Do Patents Perform Like Property?

Intellectual Property and Patents

Article Snapshot


James Bessen and Michael Meurer


Boston University School of Law Working Paper #08-08, 2008


This paper looks at whether patents really support innovation.

Policy Relevance

The evidence showing that patents are needed to encourage innovation is very weak. The pharmaceutical sector is an exception. Other sectors vary widely, and depend on whether patent institutions are effective.

Main Points

  • The history of the Industrial Revolution provides some evidence that patents supported innovation in the United States, but there were problem with patents as well.

  • Comparative studies of property rights across nations show that stronger property rights are associated with economic growth.
  • Comparative studies associate growth weakly with patent rights. But evidence also shows that successful tech firms later lobby for strong patents to protect their rights.

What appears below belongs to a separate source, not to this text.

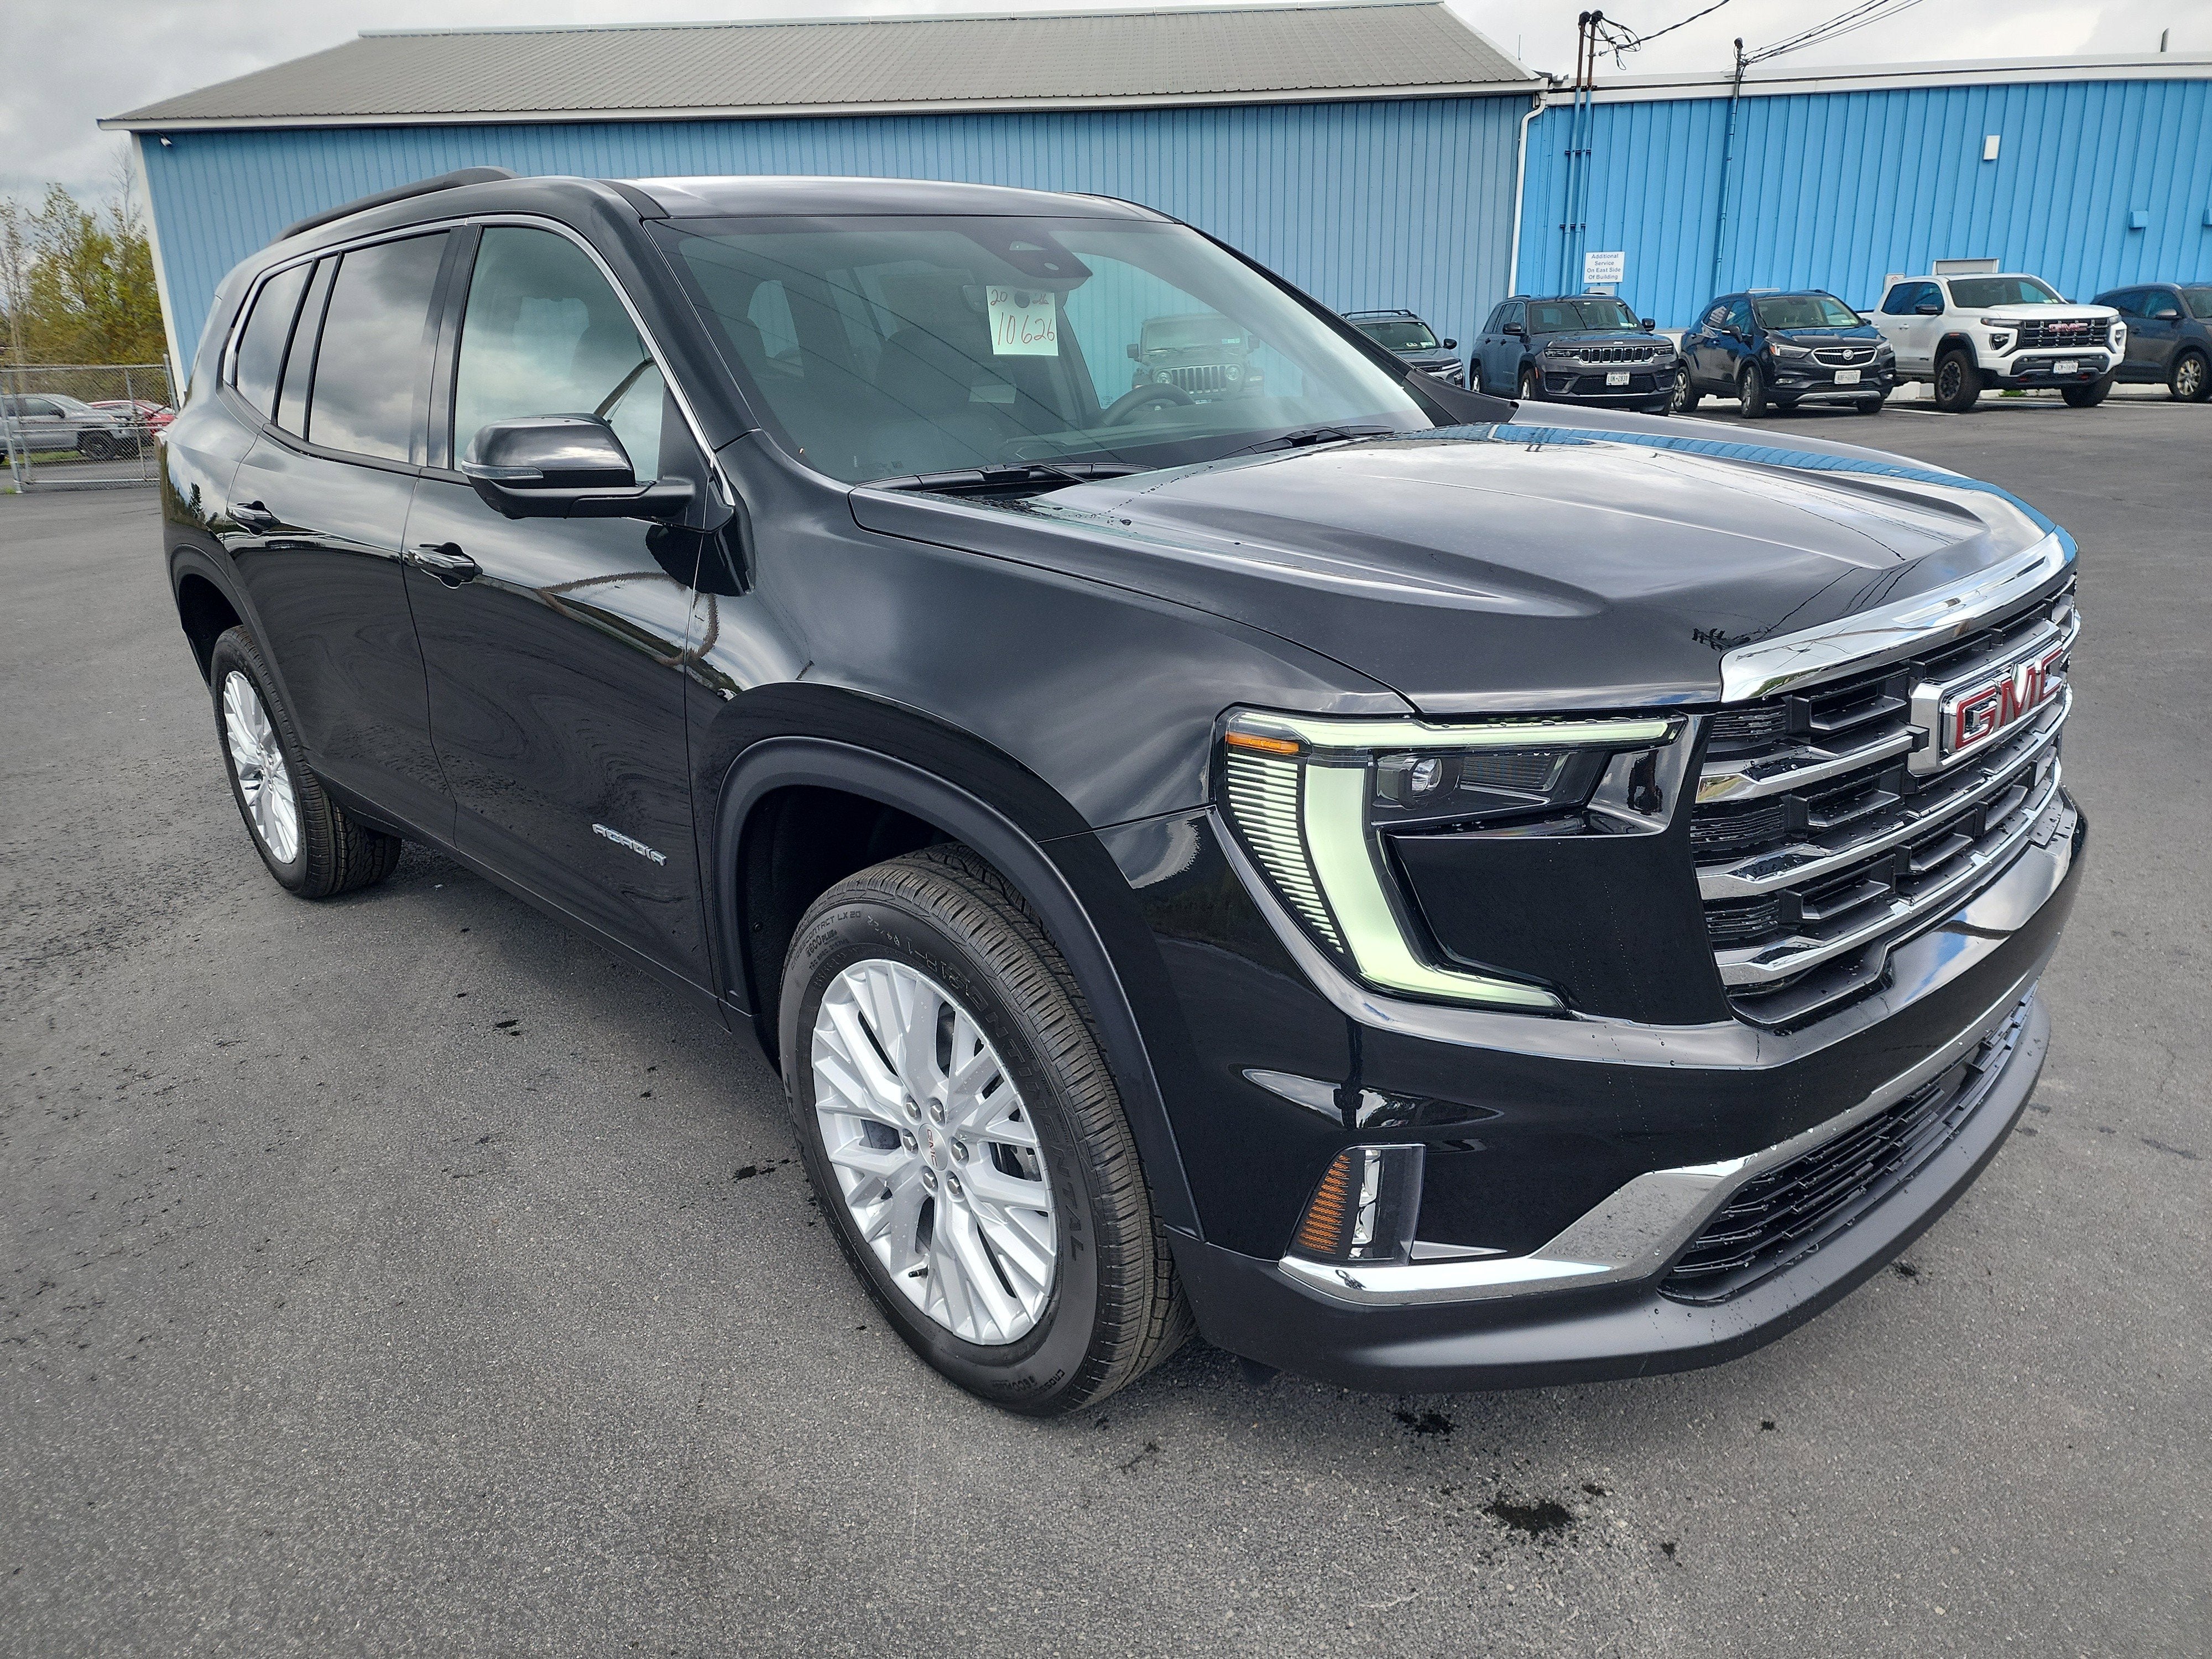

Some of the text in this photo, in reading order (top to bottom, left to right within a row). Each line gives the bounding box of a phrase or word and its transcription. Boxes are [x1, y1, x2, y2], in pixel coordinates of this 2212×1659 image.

  • Nations that strengthen their patent rights to comply with TRIPS do not show increases in domestic innovation, though foreign inventors may increase patenting.
  • Much innovation does not rely on patenting, and many innovations are not patented. Pharmaceutical products benefit from patents to stop late-comers from simply copying new products developed at great expense, but this sector may be unusual.

  • Whether patents encourage innovation or not varies widely depending on the institutions and the conditions in a specific sector.